• _The problem_
In the copy, include all of the listing exactly and none of its pictures.

• _Material provided_
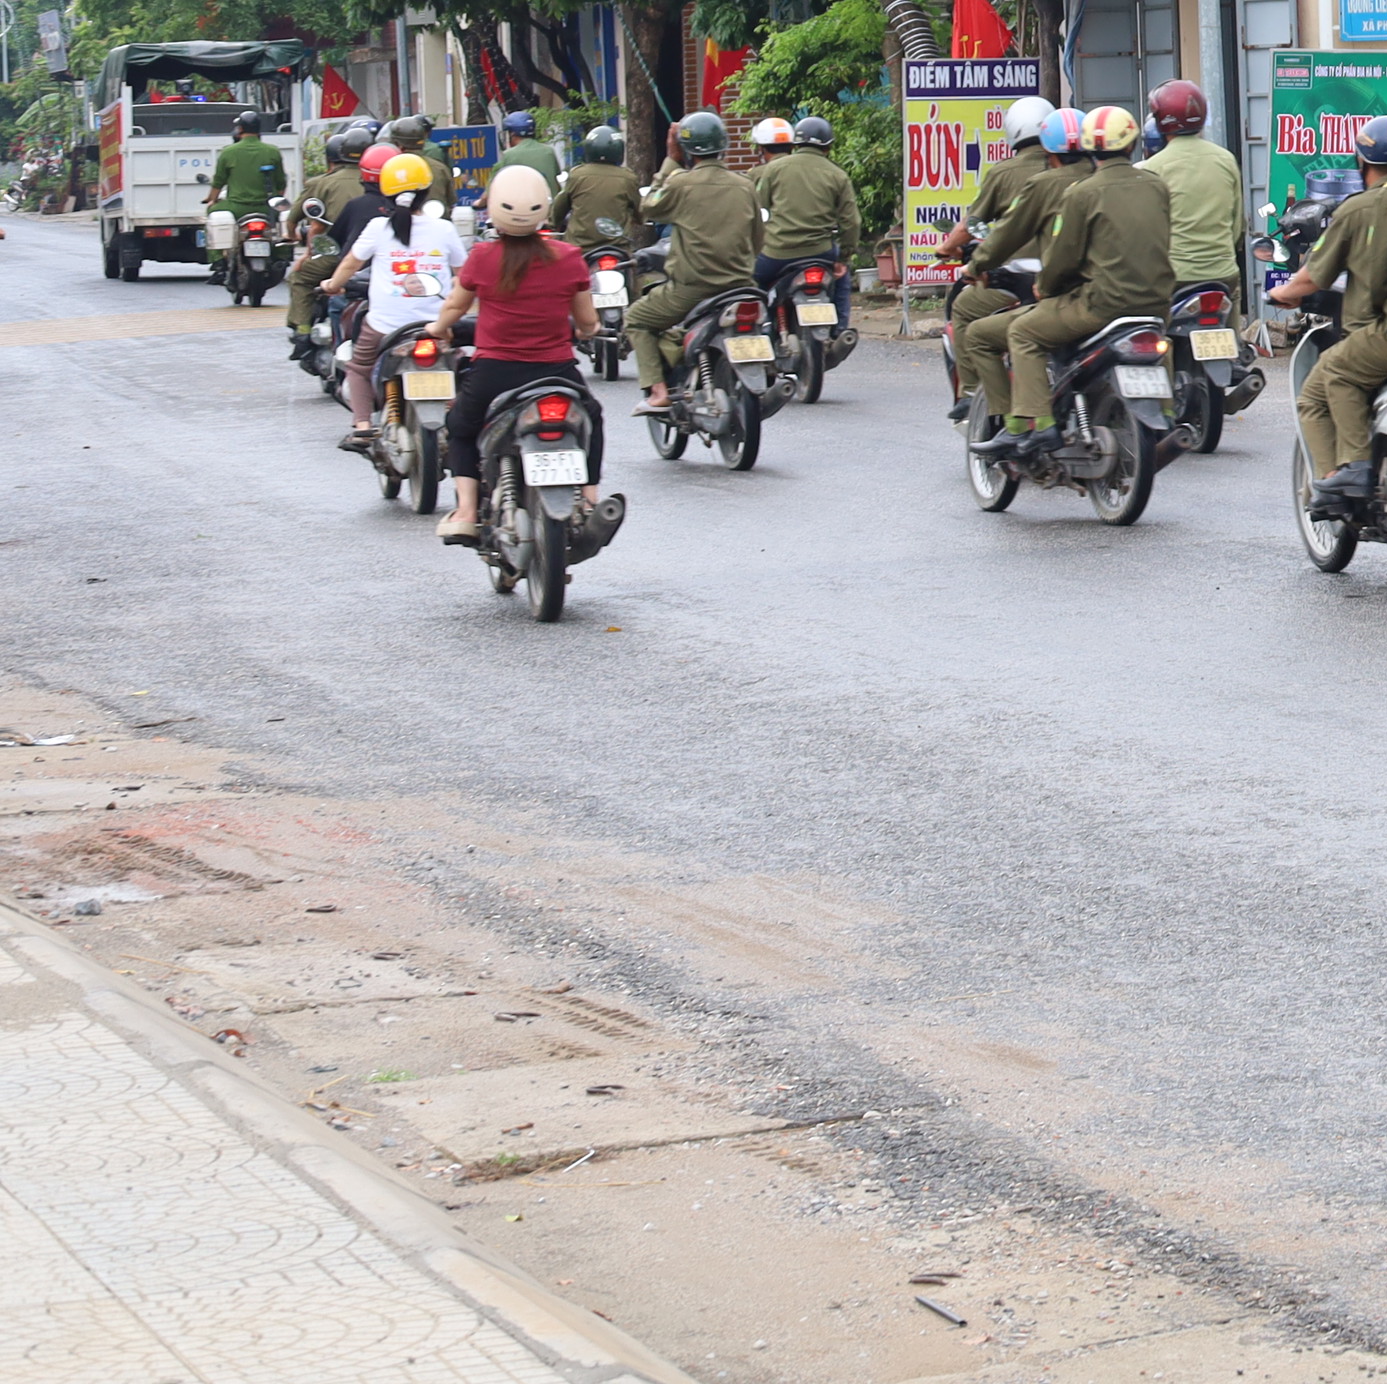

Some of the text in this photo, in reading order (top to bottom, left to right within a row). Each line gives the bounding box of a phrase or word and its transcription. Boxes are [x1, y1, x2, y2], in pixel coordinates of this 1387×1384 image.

[954, 61, 988, 88] TÂM
[993, 60, 1037, 88] SÁNG
[907, 103, 962, 189] BÚN
[1276, 114, 1316, 154] Bia

• _Result below_
Some of the text in this photo, in reading order (top to bottom, left to right within a row). Each line gives the bounding box of a phrase or word and its transcription. Boxes are [x1, y1, x2, y2], in pixel coordinates of this 1387×1384 image.

[954, 61, 988, 88] TÂM
[993, 60, 1037, 88] SÁNG
[907, 103, 962, 189] BÚN
[1276, 114, 1316, 154] Bia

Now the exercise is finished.